Informazioni Utili per la scelta dei Materiali Isolanti

 

 

Sostanzialmente non esistono materiali isolanti “buoni” o ”meno buoni”. Di fatto tutti i materiali isolanti comuni hanno una loro giustificazione per campi di applicazione specifici. Nella costruzione di un edificio vengono utilizzati per lo più diversi materiali a seconda dello scopo di destinazione. La scelta dei singoli materiali dipende strettamente dall’uso per cui sono destinati, dal tipo di costruzione ed infine dalle preferenze di committenti e Architetti.

Per la scelta consigliamo di reperire informazioni relative a: produzione, applicazione, caratteristiche e proprietà dei materiali, nonchè considerare l’aspetto ecologico sanitario.

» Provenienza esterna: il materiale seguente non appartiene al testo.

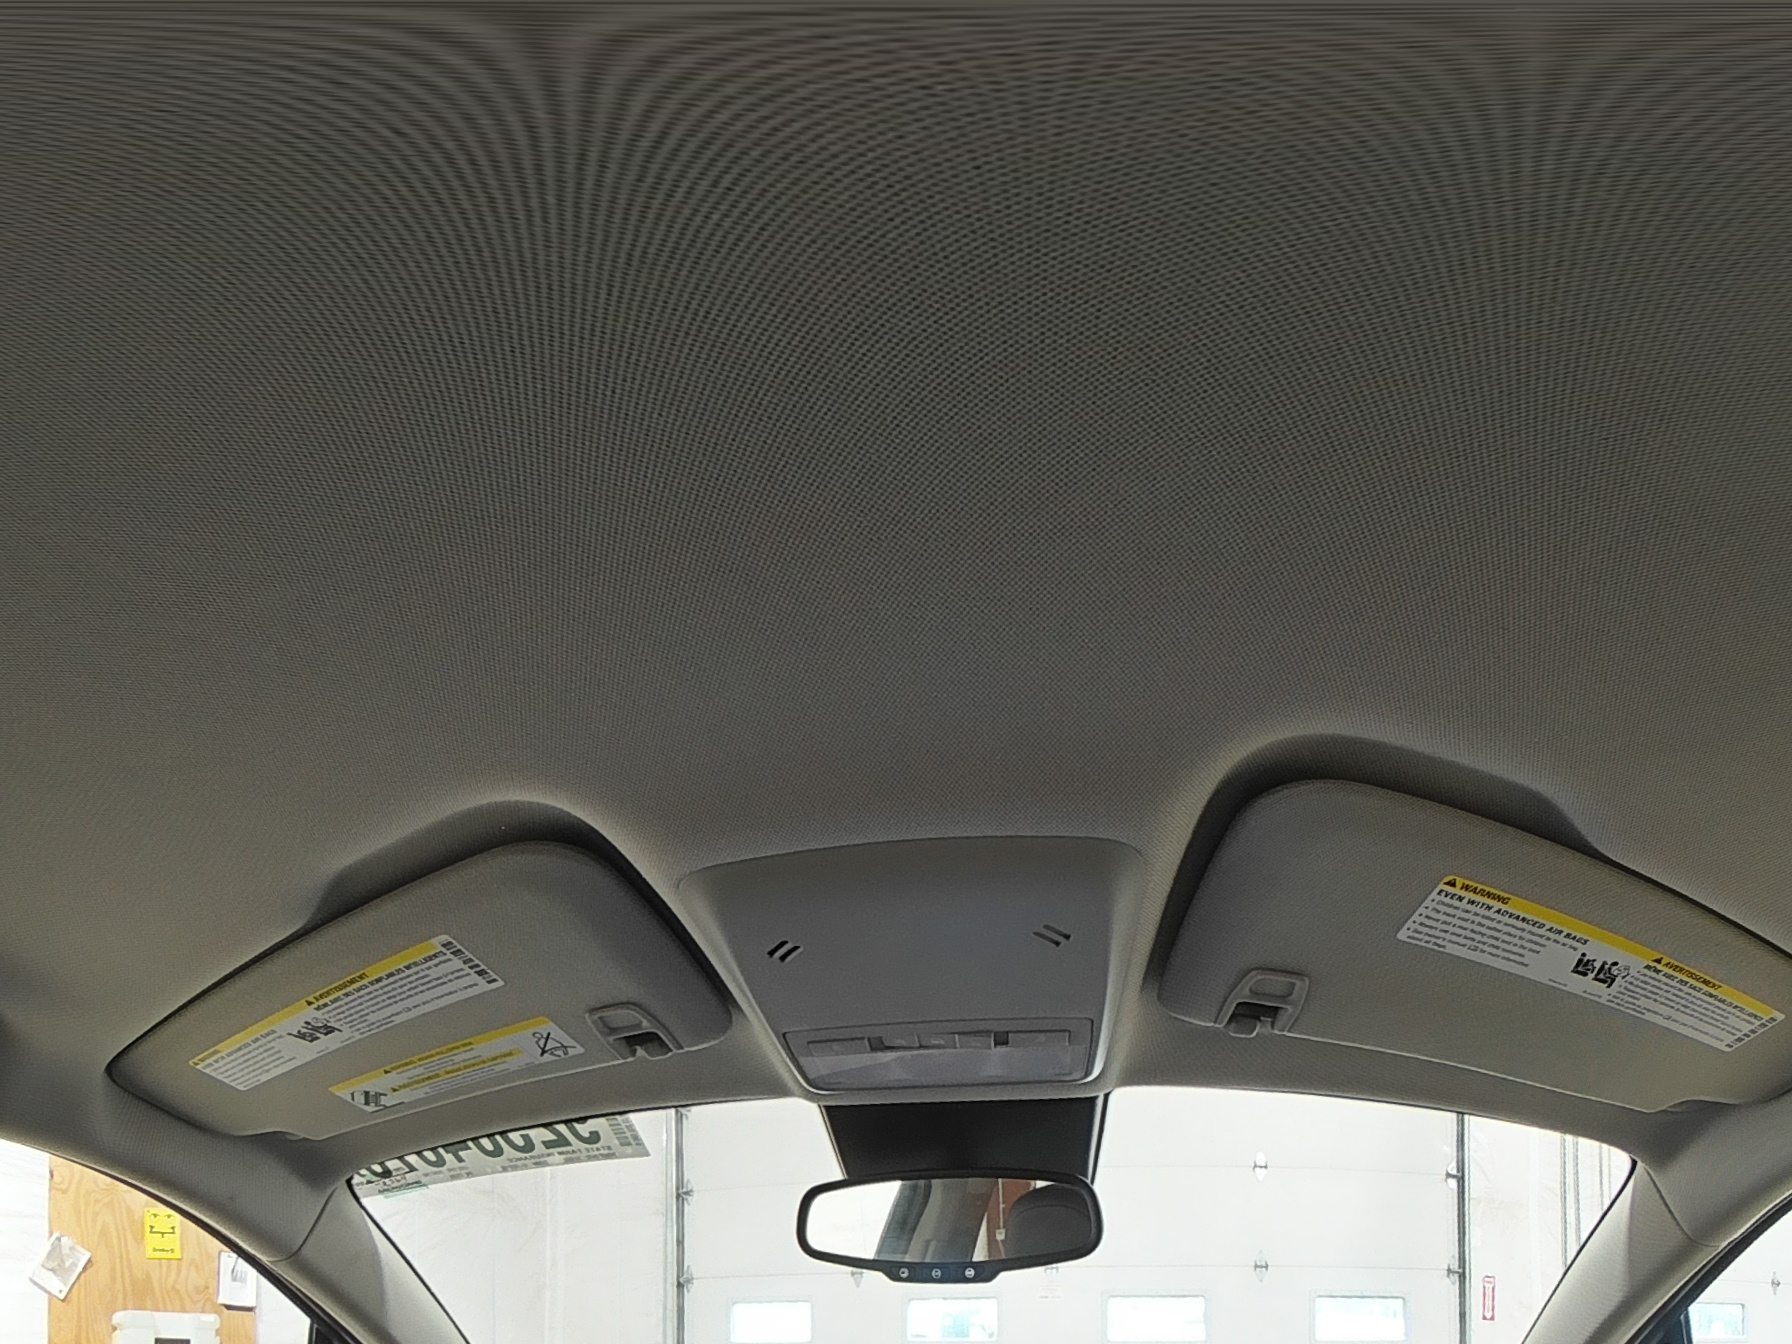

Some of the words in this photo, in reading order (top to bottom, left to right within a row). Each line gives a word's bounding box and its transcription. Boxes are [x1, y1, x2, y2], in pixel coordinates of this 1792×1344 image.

  • Per produzione intendiamo descrizione del processo di fabbricazione e dispendio energetico di produzione. Intendiamo anche dichiarazione dei componenti del prodotto da dichiarare nelle schede tecniche e di sicurezza e relativa disponibilità di queste materie prime.
  • Per Applicazione intendiamo i campi di applicazione per cui il materiale risulta particolarmente idoneo.
  • Per Caratteristiche e proprietà si devono ricercare le proprietà isolanti, la capacità di diffusione del vapore acqueo, gli aspetti relativi alla resistenza e le peculiarità tipiche del materiale, tra cui ad esempio la reazione al fuoco.
  • La parte sull’aspetto ecologico e sanitario deve contemplare alcune riflessioni sulle materie prime utilizzate e le problematiche correlate con la relativa preparazione, sul dispendio di energia necessario per la produzione, il trasporto e sugli effetti provocati sulla salute dalle emissioni di gas o dal distacco di fibre sia in fase di produzione che in fase d’opera e che negli ambienti abitati.

Spesso si cerca di stilare un bilancio generale o un cosiddetto bilancio ecologico dei materiali isolanti. Purtroppo però la compilazione univoca di un bilancio ecologico, ovvero una catalogazione ecologica sommaria dei materiali isolanti, è praticamente impossibile, in quanto gli effetti esercitati sull’ambiente sono troppo differenti e quindi difficilmente confrontabili. Al momento della scelta è opportuno raffrontare gli effetti ecologici fondamentali, tra cui vi sono anche il dispendio di energia primaria per la produzione e/o estrazione delle materie prime, la fabbricazione del prodotto, il trasporto e il montaggio. Inoltre vanno considerate le emissioni di CO2 e i processi di acidificazione (equivalente di SO2) insorgenti fino al momento del montaggio. A fronte di ciò vi sono gli effetti positivi esercitati dal materiale isolante durante la fase di utilizzo. Il fabbisogno di una qualità minore di energia per il riscaldamento arreca vantaggi su tutti i fronti, in quanto implica meno emissioni di CO2 e meno fenomeni di acidificazione del corso dell’intera durata dell’utilizzo dell’isolante termico.

Indipendentemente della qualità, sia molta o poca, in di energia necessaria per la fabbricazione, il trasporto e il montaggio di un determinato materiale isolante, non esiste paragoni con l’energia risparmiata nel caso di un comune materiale isolante. Qualcosa di analogo si osserva con l’inquinamento da CO2 e il fenomeno di acidificazione attraverso il processo di fabbricazione rispetto alle emissioni dal riscaldamento evitate attraverso l’isolamento termico.